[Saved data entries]
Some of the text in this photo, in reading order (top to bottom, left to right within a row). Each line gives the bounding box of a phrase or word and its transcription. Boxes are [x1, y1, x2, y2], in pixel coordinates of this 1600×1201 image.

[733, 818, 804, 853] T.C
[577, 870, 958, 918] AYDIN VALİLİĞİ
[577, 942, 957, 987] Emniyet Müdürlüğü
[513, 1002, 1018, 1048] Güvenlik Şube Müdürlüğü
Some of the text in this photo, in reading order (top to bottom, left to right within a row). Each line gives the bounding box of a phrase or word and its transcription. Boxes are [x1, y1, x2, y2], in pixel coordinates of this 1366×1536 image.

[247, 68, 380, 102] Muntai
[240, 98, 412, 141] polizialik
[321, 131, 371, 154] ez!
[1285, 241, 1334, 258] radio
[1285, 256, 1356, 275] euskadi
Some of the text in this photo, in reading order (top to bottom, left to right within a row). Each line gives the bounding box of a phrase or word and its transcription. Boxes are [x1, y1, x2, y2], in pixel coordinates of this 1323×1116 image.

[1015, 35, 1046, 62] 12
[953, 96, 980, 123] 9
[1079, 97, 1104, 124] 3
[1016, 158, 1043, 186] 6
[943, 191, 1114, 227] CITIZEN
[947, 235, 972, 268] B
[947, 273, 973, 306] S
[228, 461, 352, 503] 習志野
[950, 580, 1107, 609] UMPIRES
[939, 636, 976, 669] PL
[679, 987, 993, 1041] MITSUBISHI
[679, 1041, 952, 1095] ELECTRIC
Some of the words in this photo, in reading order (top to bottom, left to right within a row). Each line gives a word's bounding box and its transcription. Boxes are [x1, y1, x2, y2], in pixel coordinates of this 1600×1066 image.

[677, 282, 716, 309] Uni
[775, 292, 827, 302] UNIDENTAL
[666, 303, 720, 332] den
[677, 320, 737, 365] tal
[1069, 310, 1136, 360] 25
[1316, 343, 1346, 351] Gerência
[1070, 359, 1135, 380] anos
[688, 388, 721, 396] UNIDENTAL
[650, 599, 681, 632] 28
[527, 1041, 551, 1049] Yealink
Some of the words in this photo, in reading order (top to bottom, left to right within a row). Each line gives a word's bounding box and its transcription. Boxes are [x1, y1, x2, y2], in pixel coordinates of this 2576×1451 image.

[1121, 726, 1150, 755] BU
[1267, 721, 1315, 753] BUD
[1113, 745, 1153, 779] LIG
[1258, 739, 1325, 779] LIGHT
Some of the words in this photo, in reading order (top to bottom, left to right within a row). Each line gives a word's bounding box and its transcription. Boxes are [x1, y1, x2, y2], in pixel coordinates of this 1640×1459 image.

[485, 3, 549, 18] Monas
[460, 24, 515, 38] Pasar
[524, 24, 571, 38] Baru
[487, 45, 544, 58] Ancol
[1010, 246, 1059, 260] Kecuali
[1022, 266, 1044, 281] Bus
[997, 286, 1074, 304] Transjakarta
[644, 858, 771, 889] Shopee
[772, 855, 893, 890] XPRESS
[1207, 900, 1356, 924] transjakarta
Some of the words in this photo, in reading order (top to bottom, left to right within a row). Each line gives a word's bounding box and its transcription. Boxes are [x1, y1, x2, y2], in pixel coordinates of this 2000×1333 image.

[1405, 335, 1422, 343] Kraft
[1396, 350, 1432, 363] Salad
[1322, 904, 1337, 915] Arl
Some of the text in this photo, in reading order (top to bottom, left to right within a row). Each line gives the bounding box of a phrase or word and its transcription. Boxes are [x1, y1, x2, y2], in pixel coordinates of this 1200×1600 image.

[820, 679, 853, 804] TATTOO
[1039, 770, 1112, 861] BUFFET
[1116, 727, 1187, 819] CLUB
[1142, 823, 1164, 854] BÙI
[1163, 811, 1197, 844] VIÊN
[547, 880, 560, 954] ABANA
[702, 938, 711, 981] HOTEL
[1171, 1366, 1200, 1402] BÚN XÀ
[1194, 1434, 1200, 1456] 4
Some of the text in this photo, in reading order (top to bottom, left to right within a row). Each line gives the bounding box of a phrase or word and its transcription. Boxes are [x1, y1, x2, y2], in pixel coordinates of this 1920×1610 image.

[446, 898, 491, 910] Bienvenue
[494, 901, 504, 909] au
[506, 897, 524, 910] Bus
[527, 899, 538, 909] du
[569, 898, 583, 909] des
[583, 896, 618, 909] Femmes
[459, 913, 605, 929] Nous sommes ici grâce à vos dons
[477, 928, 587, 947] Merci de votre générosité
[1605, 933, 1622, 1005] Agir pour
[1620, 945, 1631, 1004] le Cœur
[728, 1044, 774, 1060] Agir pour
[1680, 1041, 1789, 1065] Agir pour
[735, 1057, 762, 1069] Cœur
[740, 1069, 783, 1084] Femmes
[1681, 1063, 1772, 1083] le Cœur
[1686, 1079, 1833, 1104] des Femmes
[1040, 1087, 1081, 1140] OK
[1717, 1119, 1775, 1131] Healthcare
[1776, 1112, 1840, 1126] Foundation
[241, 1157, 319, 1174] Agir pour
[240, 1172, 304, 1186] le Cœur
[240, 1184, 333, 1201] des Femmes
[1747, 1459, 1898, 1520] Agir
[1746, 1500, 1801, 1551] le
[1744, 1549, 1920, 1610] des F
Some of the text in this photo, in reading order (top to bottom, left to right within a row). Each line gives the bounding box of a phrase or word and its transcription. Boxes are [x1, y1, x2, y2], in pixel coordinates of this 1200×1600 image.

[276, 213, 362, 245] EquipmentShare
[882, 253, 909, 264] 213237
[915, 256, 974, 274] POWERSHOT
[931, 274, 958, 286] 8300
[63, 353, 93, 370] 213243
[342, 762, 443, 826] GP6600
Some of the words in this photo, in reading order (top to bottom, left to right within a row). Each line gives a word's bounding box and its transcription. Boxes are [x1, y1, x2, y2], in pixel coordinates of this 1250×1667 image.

■ **ASSIGNED TASK**
What you return must match the records exactly, line for line.

■ **OUTPUT FOR THIS TASK**
Some of the text in this photo, in reading order (top to bottom, left to right within a row). Each line gives the bounding box of a phrase or word and its transcription. Boxes are [x1, y1, x2, y2], in pixel coordinates of this 1600×1201 image.

[733, 818, 804, 853] T.C
[577, 870, 958, 918] AYDIN VALİLİĞİ
[577, 942, 957, 987] Emniyet Müdürlüğü
[513, 1002, 1018, 1048] Güvenlik Şube Müdürlüğü
Some of the text in this photo, in reading order (top to bottom, left to right within a row). Each line gives the bounding box of a phrase or word and its transcription. Boxes are [x1, y1, x2, y2], in pixel coordinates of this 1366×1536 image.

[247, 68, 380, 102] Muntai
[240, 98, 412, 141] polizialik
[321, 131, 371, 154] ez!
[1285, 241, 1334, 258] radio
[1285, 256, 1356, 275] euskadi
Some of the text in this photo, in reading order (top to bottom, left to right within a row). Each line gives the bounding box of a phrase or word and its transcription. Boxes are [x1, y1, x2, y2], in pixel coordinates of this 1323×1116 image.

[1015, 35, 1046, 62] 12
[953, 96, 980, 123] 9
[1079, 97, 1104, 124] 3
[1016, 158, 1043, 186] 6
[943, 191, 1114, 227] CITIZEN
[947, 235, 972, 268] B
[947, 273, 973, 306] S
[228, 461, 352, 503] 習志野
[950, 580, 1107, 609] UMPIRES
[939, 636, 976, 669] PL
[679, 987, 993, 1041] MITSUBISHI
[679, 1041, 952, 1095] ELECTRIC
Some of the words in this photo, in reading order (top to bottom, left to right within a row). Each line gives a word's bounding box and its transcription. Boxes are [x1, y1, x2, y2], in pixel coordinates of this 1600×1066 image.

[677, 282, 716, 309] Uni
[775, 292, 827, 302] UNIDENTAL
[666, 303, 720, 332] den
[677, 320, 737, 365] tal
[1069, 310, 1136, 360] 25
[1316, 343, 1346, 351] Gerência
[1070, 359, 1135, 380] anos
[688, 388, 721, 396] UNIDENTAL
[650, 599, 681, 632] 28
[527, 1041, 551, 1049] Yealink
Some of the words in this photo, in reading order (top to bottom, left to right within a row). Each line gives a word's bounding box and its transcription. Boxes are [x1, y1, x2, y2], in pixel coordinates of this 2576×1451 image.

[1121, 726, 1150, 755] BU
[1267, 721, 1315, 753] BUD
[1113, 745, 1153, 779] LIG
[1258, 739, 1325, 779] LIGHT
Some of the words in this photo, in reading order (top to bottom, left to right within a row). Each line gives a word's bounding box and its transcription. Boxes are [x1, y1, x2, y2], in pixel coordinates of this 1640×1459 image.

[485, 3, 549, 18] Monas
[460, 24, 515, 38] Pasar
[524, 24, 571, 38] Baru
[487, 45, 544, 58] Ancol
[1010, 246, 1059, 260] Kecuali
[1022, 266, 1044, 281] Bus
[997, 286, 1074, 304] Transjakarta
[644, 858, 771, 889] Shopee
[772, 855, 893, 890] XPRESS
[1207, 900, 1356, 924] transjakarta
Some of the words in this photo, in reading order (top to bottom, left to right within a row). Each line gives a word's bounding box and its transcription. Boxes are [x1, y1, x2, y2], in pixel coordinates of this 2000×1333 image.

[1405, 335, 1422, 343] Kraft
[1396, 350, 1432, 363] Salad
[1322, 904, 1337, 915] Arl
Some of the text in this photo, in reading order (top to bottom, left to right within a row). Each line gives the bounding box of a phrase or word and its transcription. Boxes are [x1, y1, x2, y2], in pixel coordinates of this 1200×1600 image.

[820, 679, 853, 804] TATTOO
[1039, 770, 1112, 861] BUFFET
[1116, 727, 1187, 819] CLUB
[1142, 823, 1164, 854] BÙI
[1163, 811, 1197, 844] VIÊN
[547, 880, 560, 954] ABANA
[702, 938, 711, 981] HOTEL
[1171, 1366, 1200, 1402] BÚN XÀ
[1194, 1434, 1200, 1456] 4
Some of the text in this photo, in reading order (top to bottom, left to right within a row). Each line gives the bounding box of a phrase or word and its transcription. Boxes are [x1, y1, x2, y2], in pixel coordinates of this 1920×1610 image.

[446, 898, 491, 910] Bienvenue
[494, 901, 504, 909] au
[506, 897, 524, 910] Bus
[527, 899, 538, 909] du
[569, 898, 583, 909] des
[583, 896, 618, 909] Femmes
[459, 913, 605, 929] Nous sommes ici grâce à vos dons
[477, 928, 587, 947] Merci de votre générosité
[1605, 933, 1622, 1005] Agir pour
[1620, 945, 1631, 1004] le Cœur
[728, 1044, 774, 1060] Agir pour
[1680, 1041, 1789, 1065] Agir pour
[735, 1057, 762, 1069] Cœur
[740, 1069, 783, 1084] Femmes
[1681, 1063, 1772, 1083] le Cœur
[1686, 1079, 1833, 1104] des Femmes
[1040, 1087, 1081, 1140] OK
[1717, 1119, 1775, 1131] Healthcare
[1776, 1112, 1840, 1126] Foundation
[241, 1157, 319, 1174] Agir pour
[240, 1172, 304, 1186] le Cœur
[240, 1184, 333, 1201] des Femmes
[1747, 1459, 1898, 1520] Agir
[1746, 1500, 1801, 1551] le
[1744, 1549, 1920, 1610] des F
Some of the text in this photo, in reading order (top to bottom, left to right within a row). Each line gives the bounding box of a phrase or word and its transcription. Boxes are [x1, y1, x2, y2], in pixel coordinates of this 1200×1600 image.

[276, 213, 362, 245] EquipmentShare
[882, 253, 909, 264] 213237
[915, 256, 974, 274] POWERSHOT
[931, 274, 958, 286] 8300
[63, 353, 93, 370] 213243
[342, 762, 443, 826] GP6600
Some of the words in this photo, in reading order (top to bottom, left to right within a row). Each line gives a word's bounding box and its transcription. Boxes are [x1, y1, x2, y2], in pixel coordinates of this 1250×1667 image.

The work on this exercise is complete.